Let’s take a closer look.
I’ve tried a lot of videogame tracking apps, from ones that are designed specifically for videogames to those that are built into general-purpose media trackers. Depending on your needs, both approaches can work well, but the nature of videogames lends them to an app designed specifically for the medium. That’s because games carry a lot of important metadata that other types of media don’t, like the platforms a game is available on, the format, the gameplay modes, and more.
Game Tracker takes advantage of the unique information available for videogames, which gives it an instant advantage over general-purpose media apps. Pulling from the Internet Game Database, Game Tracker includes each game’s description, release date, ratings, developer and publisher information, game modes, player perspectives, platforms, completion times, screenshots, artwork, and trailers. Plus, the app lets users add their own ratings, track their progress, make notes, and record games they’ve loaned to friends.
Having all that data is useful by itself, but Game Tracker uses it far better than most apps I’ve tried. For example, there are five different ways to sort your games and 11 criteria for filtering them. Plus, Game Tracker allows you to build advanced sorting rules by combining multiple sorting criteria and to create elaborate saved searches by stacking filters. With so many ways to view your games, the built-in sorting and filtering features are often enough, but I appreciate that I can do a lot more than that, and I bet anyone with a big game collection will, too.

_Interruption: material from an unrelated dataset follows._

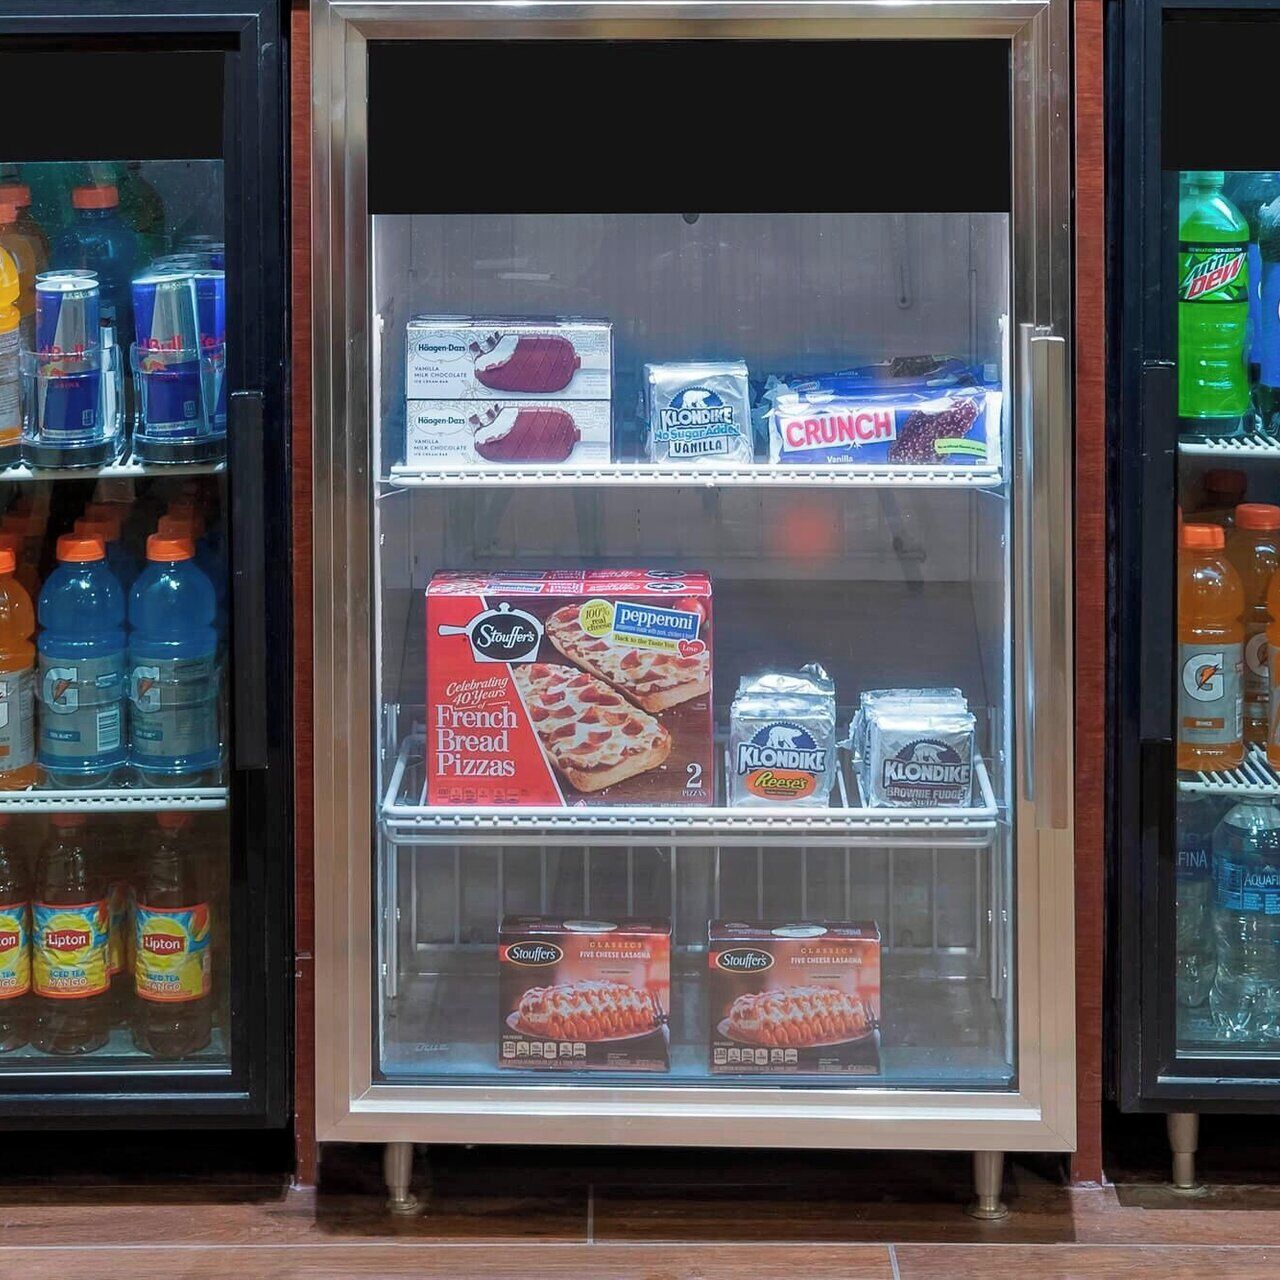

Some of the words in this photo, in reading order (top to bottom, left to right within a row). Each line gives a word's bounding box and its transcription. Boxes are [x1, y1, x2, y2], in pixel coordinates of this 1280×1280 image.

Game Tracker also allows you to add your own content to your collection, including the media format, progress, notes, tags, and the status of any games you’ve loaned out. You can create your own hand-curated lists of games, called spaces. For example, I created a Retro Games space to collect classic games I’m currently playing or playing soon. And you can bulk edit game data. From any collection view, pick “Select games” from the three-dot menu to select as many games as you’d like to edit.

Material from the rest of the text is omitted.